Secure by Design Principles in Practice
Karl Triebes outlines Ivanti's proactive security approach, emphasizing that security cannot simply be tested into products at the end of development. The secure by design methodology encompasses selecting memory-safe programming languages like Python, Rust, and Go for new products, conducting regular penetration testing, implementing code inspection during development rather than just at completion, and carefully evaluating third-party components including open-source libraries. The discussion highlights how seemingly moderate CVSS scores can become serious attack vectors when combined with other vulnerabilities—what Triebes calls 'low and slow attacks' that represent some of the most pernicious threats organizations face.
The Evolving Threat Landscape and Organizational Response
The conversation turns to how dramatically the threat landscape has changed, with Riemer noting the shift from perhaps one attack per year decades ago to a dozen or more daily attempts now. Modern threat actors operate as organized 'cyber gangs' with specialized roles—one group exploits initial access, another conducts internal reconnaissance, and a third executes the actual data theft or ransomware deployment. The 'living off the land' technique, where attackers quietly capture legitimate user credentials and return later masquerading as valid employees, represents a particularly challenging threat that requires least-privilege access controls and continuous monitoring to counter.

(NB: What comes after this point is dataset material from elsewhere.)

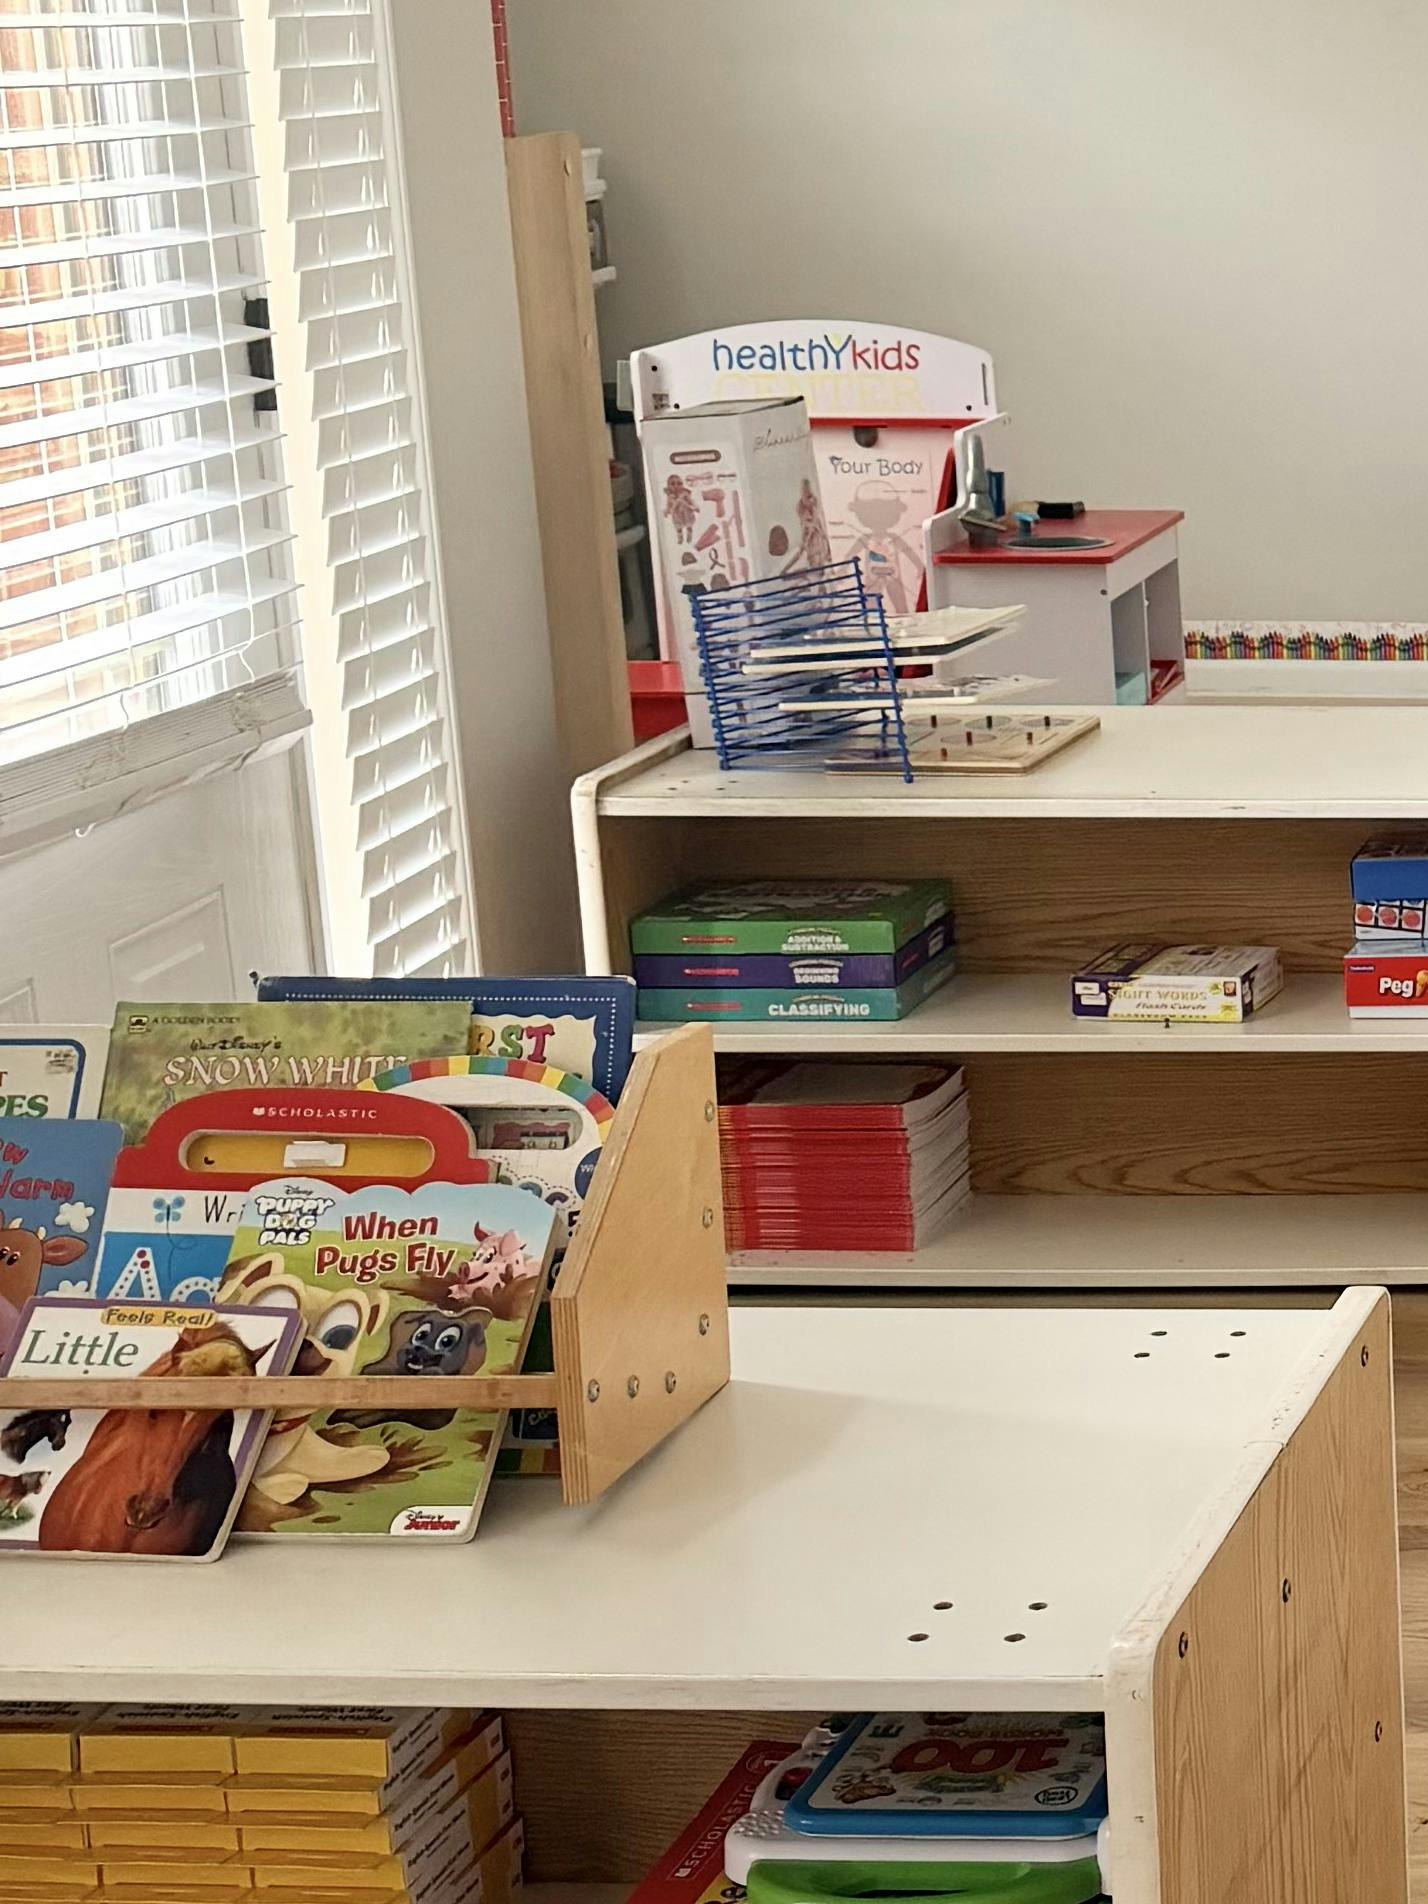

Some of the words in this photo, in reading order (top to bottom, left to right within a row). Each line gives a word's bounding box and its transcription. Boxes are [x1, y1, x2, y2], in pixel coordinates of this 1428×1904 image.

Practical Guidance for Security Posture
Both speakers emphasize actionable steps organizations should take, including treating security teams as business partners rather than obstacles, implementing exposure management tools to identify and prioritize risks, and establishing robust CVE management processes that quickly triage incoming vulnerabilities for actual impact rather than relying solely on CVSS scores. The discussion addresses the tension between government agencies requiring 30 to 180 days of testing before deploying patches and the need for rapid response to zero-day threats. Organizations are advised to scrutinize their vendors' security practices, demand transparency around CVE disclosure, and recognize that vendors who aren't publishing CVEs likely lack robust security programs altogether.